Initially completed as a single canvas, Best Before I was extended into a diptych when Nel rediscovered her reference material after inadvertently forgetting it in storage for several weeks. Despite its heavily synthetic constitution, plastic packaging and refrigerated storage conditions, the cream bun had finally begun to spoil, enveloped by mould. For Nel, this not only made for an intriguing textural study, but also presented an opportunity to explore the contrast between preservation and corruption.

 

This dialogue can be read on many levels, be it the process of physical ageing, mental deterioration or the loss of sexual appeal or social relevance in a Millennial culture centred on youth and self-care. Our attempts to mitigate the inevitable process of entropy are manifold, be it through cosmetic surgery, dietary supplements, physical conditioning or the representation of self through social media. As with Nel’s meat studies, this before-and-after can be read as a modern-day memento mori – a nod to Dutch Golden Age depictions of perishable fruit and sweetmeats in vanitas paintings such as Abraham Mignon’s Still Life with Fruit, Foliage and Insects (c. 1669) and Pieter Claesz’ Still Life with a Turkey Pie (1627).

 
 
 
 

Key Work

Two Buns I, 2014.
Acrylic on canvas, 75 cm x 75 cm

As a secondary line of investigation following her initial studies of meat, Nel went on to explore the representation of commercially-processed confectionery.

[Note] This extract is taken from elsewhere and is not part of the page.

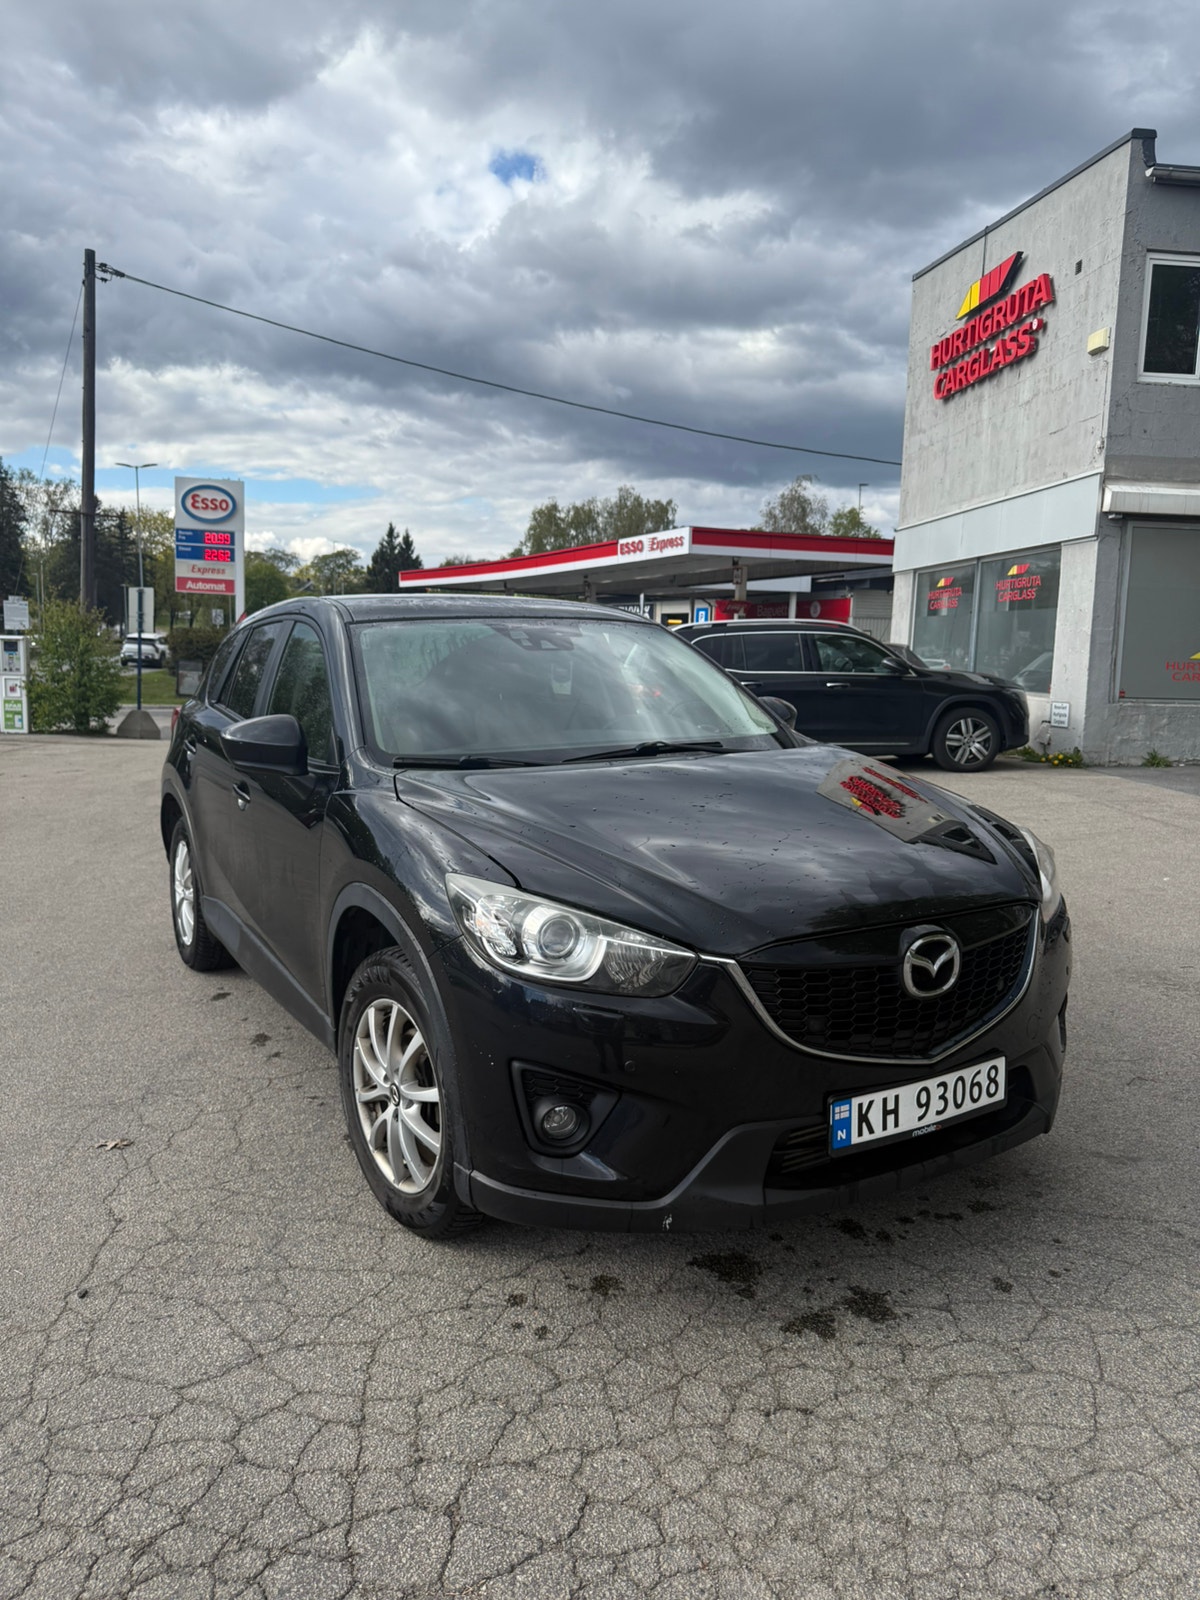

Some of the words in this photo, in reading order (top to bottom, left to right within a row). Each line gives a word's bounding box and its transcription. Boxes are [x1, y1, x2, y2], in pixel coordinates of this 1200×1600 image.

In Two Buns I, we are confronted with a pair of larger-than-life sugar-glazed doughnuts, cleanly and individually contained in polystyrene and plastic wrap, and positioned side-by-side on a nearly two-dimensional surface. The pastries are simultaneously inviting and repulsive, their thick frosting intensely enticing yet somehow almost putrid in appearance. The form and presentation of the baked goods immediately call to mind the fetishisation of breasts – the packaging perhaps serving as a reference to contemporary social preoccupation with the artificial preservation and enhancement of the female form through cosmetic surgery. The plastic wrapping, while able to provisionally delay deterioration, will not prevent decay and eventual decomposition. Given the influence of Pop Art on Nel as a student and young professional artist, her confectionery pieces can be seen as a contemporary ode to Wayne Thiebaud’s display cakes and pie slices, only permeated with a sense of foreboding and unease, much like a modern-day vanitas painting.

 
 
 
 

Key Work

Wrapped I, 2009.
Acrylic on canvas, 100 cm x 100 cm

Wrapped I represents an important transition within Nel’s oeuvre, bridging her interest in figurative subject matter, which has informed the majority of her output, and her study of consumer goods, which has dominated the last decade of her career. The apple is a universal symbolic representation of entropy, mortality and the fall of man – a motif employed throughout Western art history, from Dürer’s 1504 engraving of Adam and Eve, to Eric Fischl’s Bad Boy (1981). So too in several works from Nel’s postmodern period, such as The Maids in Waiting (1991), Shrine (1997) and Waiting for the Renaissance (1998 - 1999), the apple serves to suggest the loss of sexual or socio-political innocence. In contrast to the dense composition of these earlier works, however, Wrapped I presents the fruit completely in isolation, at an oversized scale, and centred on a canvas with very limited planar depth – forcing the viewer to contemplate its presence, purpose and presentation to the exclusion of all else. The inclusion of plastic packaging holds the most significant departure from Nel’s earlier representations, introducing a dialogue between the natural and artificial, preservation and corruption, naïveté and maturity.